• TASK INSTRUCTIONS: Without reproducing any picture, copy the records word for word.

(Image-backed grounding data)
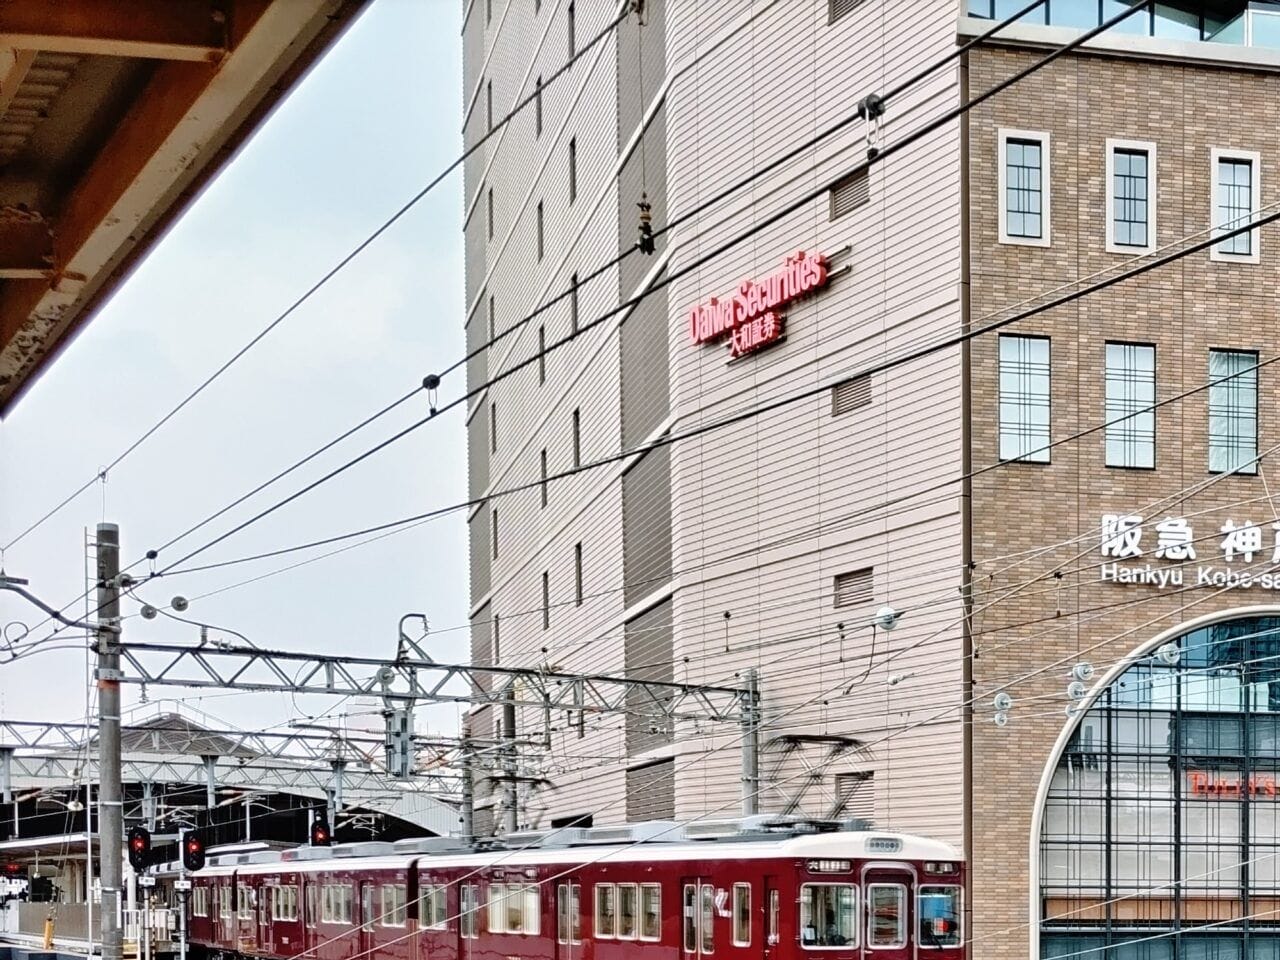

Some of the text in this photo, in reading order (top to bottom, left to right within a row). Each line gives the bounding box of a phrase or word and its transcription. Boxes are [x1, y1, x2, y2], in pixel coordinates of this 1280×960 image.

[688, 250, 828, 344] Daiwa Securities
[730, 312, 780, 357] 大和証券
[1101, 514, 1196, 560] 阪急
[1101, 563, 1184, 587] Hankyu
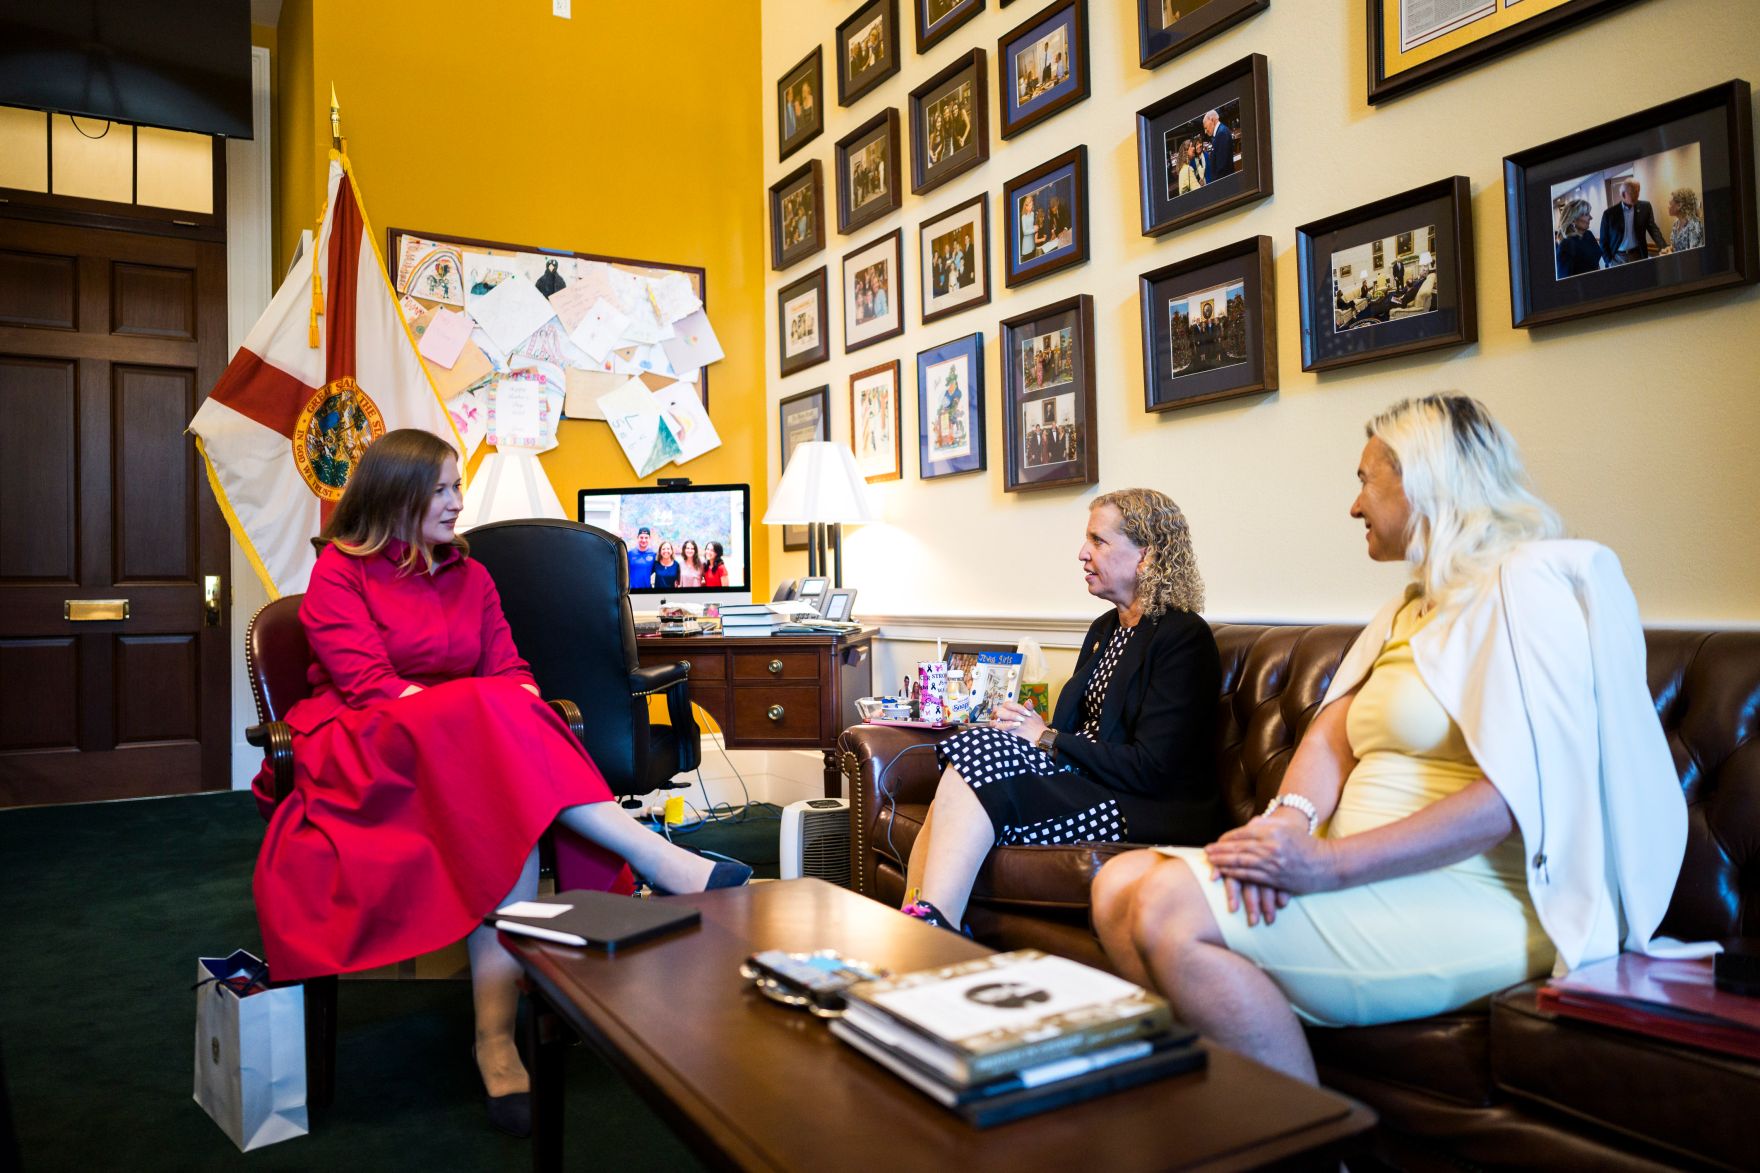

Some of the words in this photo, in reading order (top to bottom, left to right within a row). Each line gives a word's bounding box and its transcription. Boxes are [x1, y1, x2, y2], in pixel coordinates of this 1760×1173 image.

[360, 395, 376, 418] THE
[296, 430, 305, 440] IN
[296, 444, 306, 464] GOD
[302, 465, 314, 481] WE
[312, 480, 334, 498] TRUST

• TASK ANSWER:
Some of the text in this photo, in reading order (top to bottom, left to right within a row). Each line gives the bounding box of a phrase or word and its transcription. Boxes are [x1, y1, x2, y2], in pixel coordinates of this 1280×960 image.

[688, 250, 828, 344] Daiwa Securities
[730, 312, 780, 357] 大和証券
[1101, 514, 1196, 560] 阪急
[1101, 563, 1184, 587] Hankyu

Some of the words in this photo, in reading order (top to bottom, left to right within a row). Each line gives a word's bounding box and its transcription. Boxes are [x1, y1, x2, y2], in pixel coordinates of this 1760×1173 image.

[360, 395, 376, 418] THE
[296, 430, 305, 440] IN
[296, 444, 306, 464] GOD
[302, 465, 314, 481] WE
[312, 480, 334, 498] TRUST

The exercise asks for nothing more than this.